Blood glucose is maintained within a narrow range (80–100 mg/dL fasting) through the coordinated actions of insulin, glucagon, epinephrine, and cortisol. During fed state, insulin promotes glucose uptake and storage as glycogen; during fasted state, glucagon and epinephrine promote glycogenolysis and gluconeogenesis. The liver and muscle are the primary glucose buffer tissues.
You now understand the three major pathways of carbohydrate metabolism individually: glycolysis breaks glucose down for energy, gluconeogenesis builds new glucose from non-carbohydrate precursors, and glycogen metabolism stores and releases glucose in polymer form. Carbohydrate homeostasis is where these pathways stop being independent chapters and start working as a coordinated system — one that keeps blood glucose in a remarkably narrow range despite wildly variable intake and demand.
The central problem is this: your brain requires a constant supply of glucose (about 120 g/day) and cannot store meaningful amounts of it. Meanwhile, glucose arrives in large, irregular boluses after meals and disappears during exercise or sleep. The body solves this mismatch through hormonal signaling, primarily the opposing actions of insulin and glucagon, both secreted by the pancreas. After a carbohydrate-rich meal, blood glucose rises. Pancreatic beta cells detect this rise and release insulin, which signals liver and muscle cells to take up glucose and store it as glycogen (activating glycogen synthase) while simultaneously promoting glycolysis for immediate energy use. Insulin also suppresses gluconeogenesis — there is no need to manufacture glucose when plenty is arriving from the gut.

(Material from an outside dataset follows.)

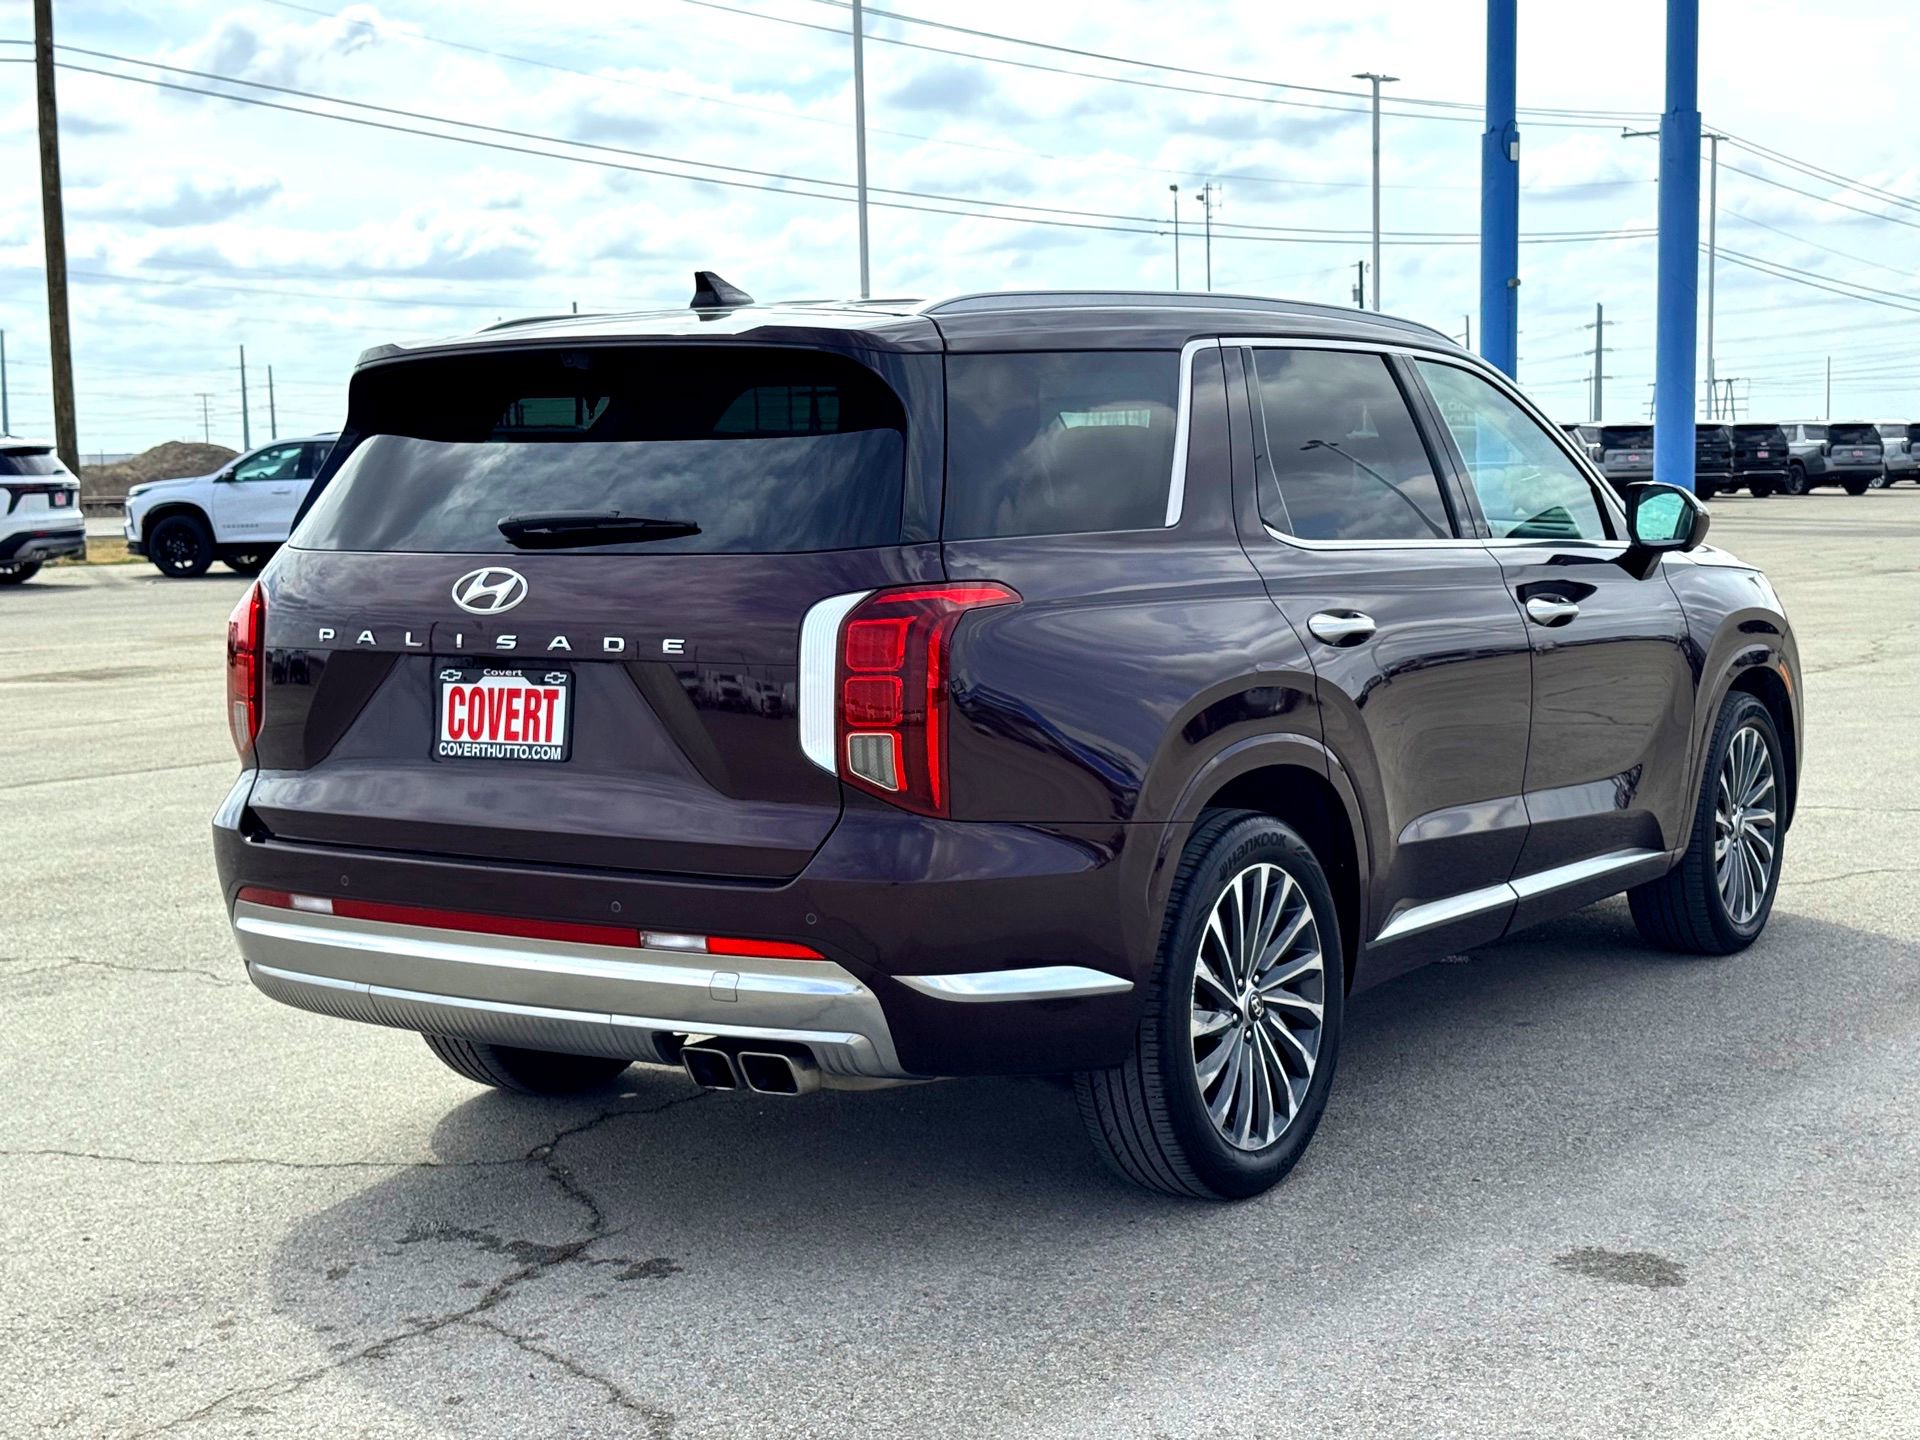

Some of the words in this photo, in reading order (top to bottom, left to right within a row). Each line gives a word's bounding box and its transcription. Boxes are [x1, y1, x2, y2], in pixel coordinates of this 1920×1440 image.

[318, 627, 686, 655] PALISADE
[482, 668, 523, 677] Covert
[448, 685, 560, 743] COVERT
[439, 741, 562, 761] COVERTHUTTO.COM

Between meals or during fasting, the situation reverses. As blood glucose dips, pancreatic alpha cells release glucagon, which acts primarily on the liver. Glucagon activates glycogen phosphorylase, breaking down hepatic glycogen to release glucose into the blood (glycogenolysis). When glycogen reserves run low — typically after 12–18 hours of fasting — glucagon increasingly drives gluconeogenesis, converting lactate, glycerol, and amino acids into new glucose. The liver is the critical organ here because, unlike muscle, it expresses glucose-6-phosphatase, the enzyme that allows it to release free glucose into the bloodstream. Muscle glycogen serves the muscle's own needs; liver glycogen serves the entire body.
Two additional hormones fine-tune this system. Epinephrine (adrenaline), released during stress or intense exercise, rapidly mobilizes glycogen in both liver and muscle — it is the "emergency override" that prioritizes immediate glucose availability over long-term storage. Cortisol, released during prolonged stress, promotes gluconeogenesis and reduces glucose uptake by peripheral tissues, ensuring the brain gets priority access. The integration of all four hormones — insulin driving storage and utilization in the fed state, glucagon driving mobilization in the fasted state, epinephrine handling acute demand, and cortisol managing sustained stress — is what maintains blood glucose homeostasis. Failure of this system, most commonly through insulin resistance or beta cell dysfunction, produces the chronic hyperglycemia of diabetes mellitus.